The Wit and Humor of America, Volume VIII (of X)
   "I reckon," said Colonel Blount, still more grimly; "I reckon if that damned claim agent was to come here, he would just about say that fifteen dollars was enough for my filly."

   "I shouldn't wonder. Now, look here, Colonel Blount. You see, I'm a railroad man, and I'm able to see the other side of these things."

   "Oh, well, all right," said Blount, "but that don't bring my filly back. You can't get Himyah blood every day in the week. That filly would have seen Churchill Downs in her day, if she had lived."

   "Yes; and if she had, you would have had to back her, wouldn't you? You would have trained that filly and paid a couple of hundred for it. You would have fitted her at the track and paid several hundred more. You would have bet a couple of thousand, anyway, as a matter of principle, and, like enough, you'd have lost it. Now, if this road paid you fifteen dollars for that filly and saved you twenty-five hundred or three thousand into the bargain, how ought you to feel about it? Are you twenty-five hundred behind or fifteen ahead?"
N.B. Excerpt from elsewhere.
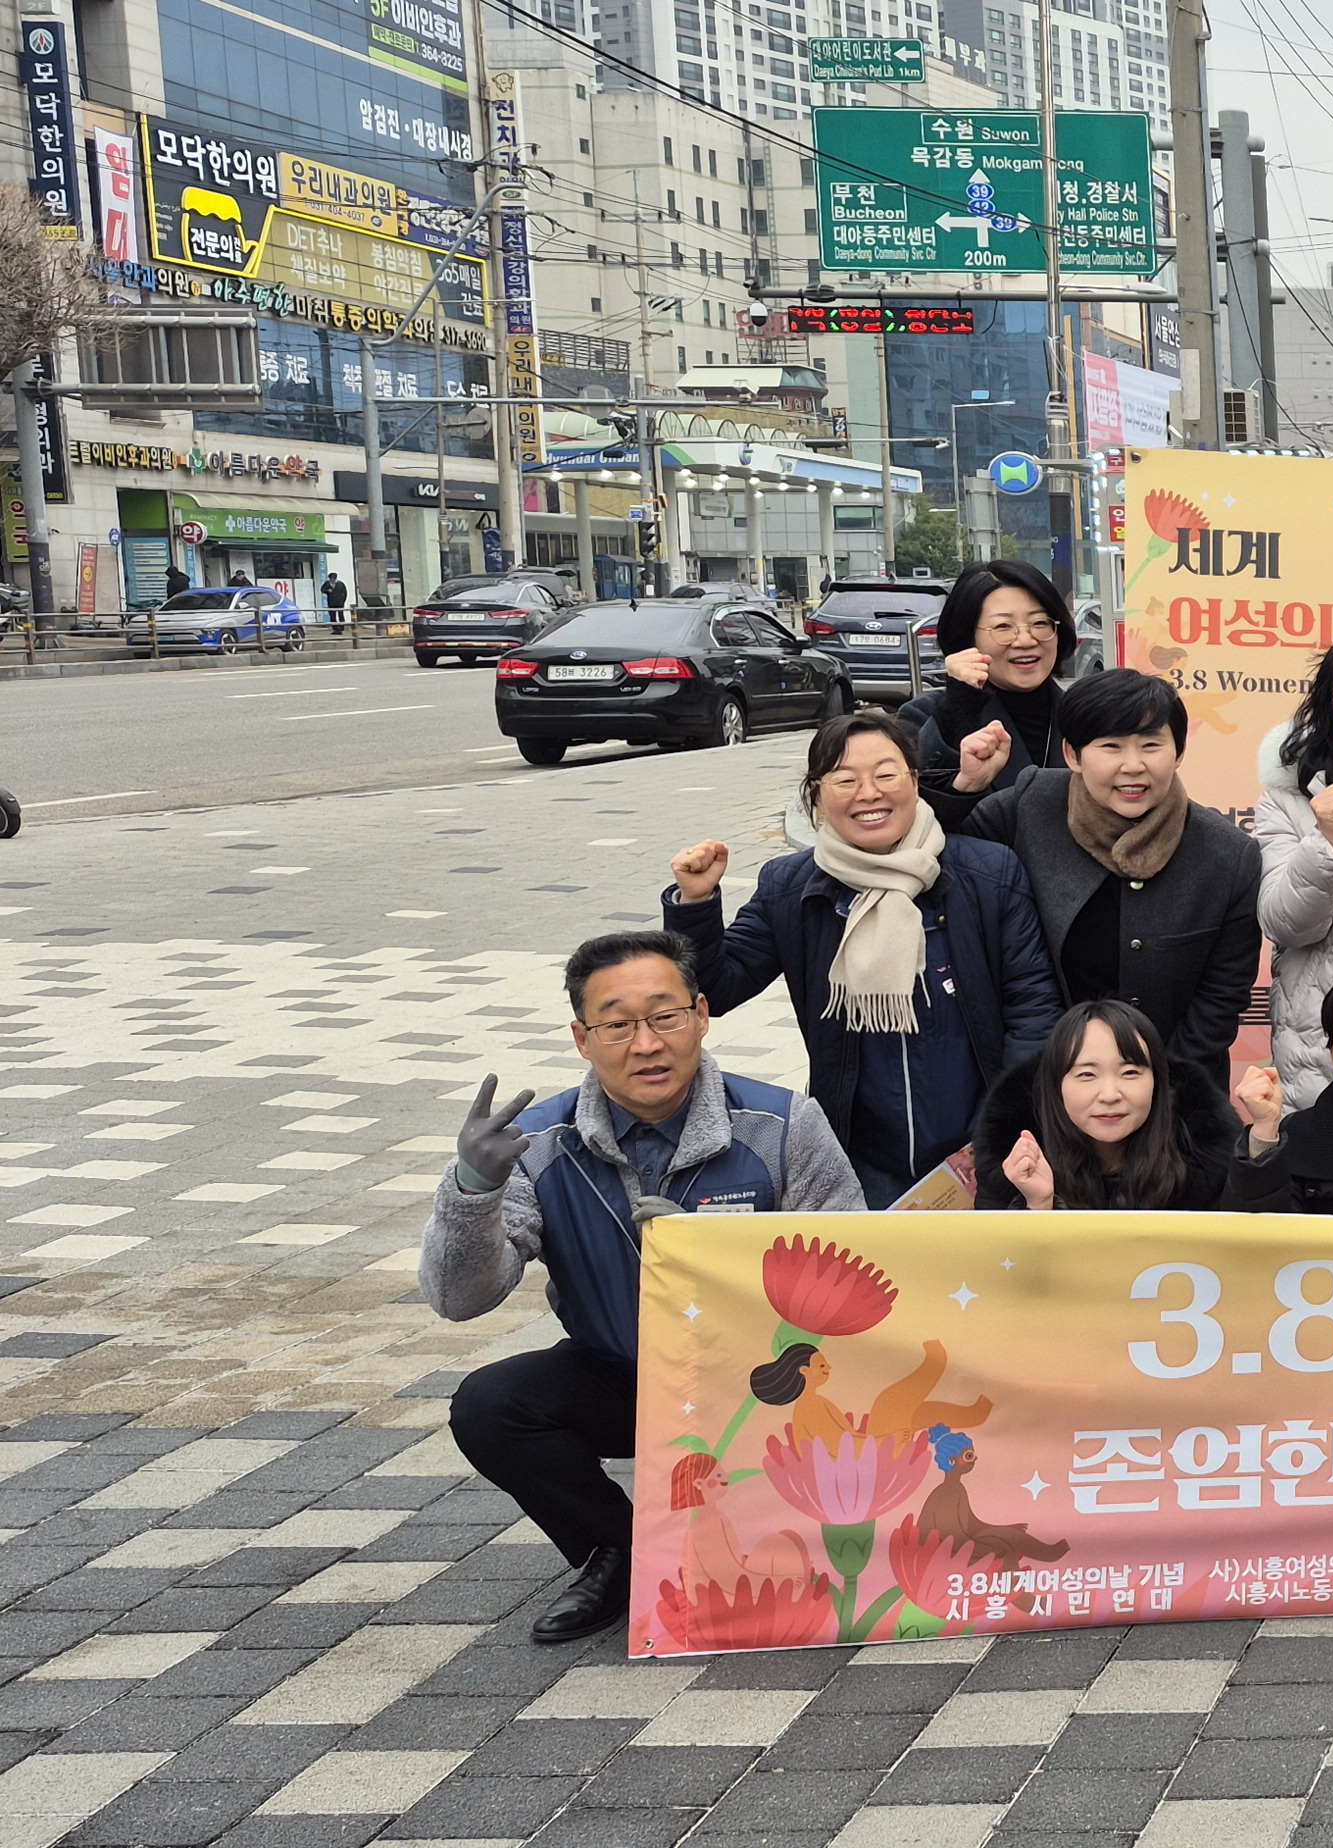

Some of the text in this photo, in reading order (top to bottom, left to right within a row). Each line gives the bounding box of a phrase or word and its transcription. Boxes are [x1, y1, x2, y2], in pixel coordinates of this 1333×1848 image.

   Colonel Calvin Blount had now feverishly finished his julep, and as the other stopped, he placed his glass beside him on the board-pile and swung a long leg across, so that he sat directly facing his enigmatical guest. The latter, in the enthusiasm of his argument, swung into a similar position, and so they sat, both hammering on the board between them.

   "Well, I would like to see that damned claim agent offer me fifteen dollars for that filly," said Blount. "I might take fifty, for the sake of the road; but fifteen—"

   "Well, what would you do?"

   "Well, by God, sir, if I saw that claim agent—"

   "Well, by God, sir,

    I'm

   that claim agent; and I

    do

   offer you fifteen dollars for that filly, right now!"

   "What! You—"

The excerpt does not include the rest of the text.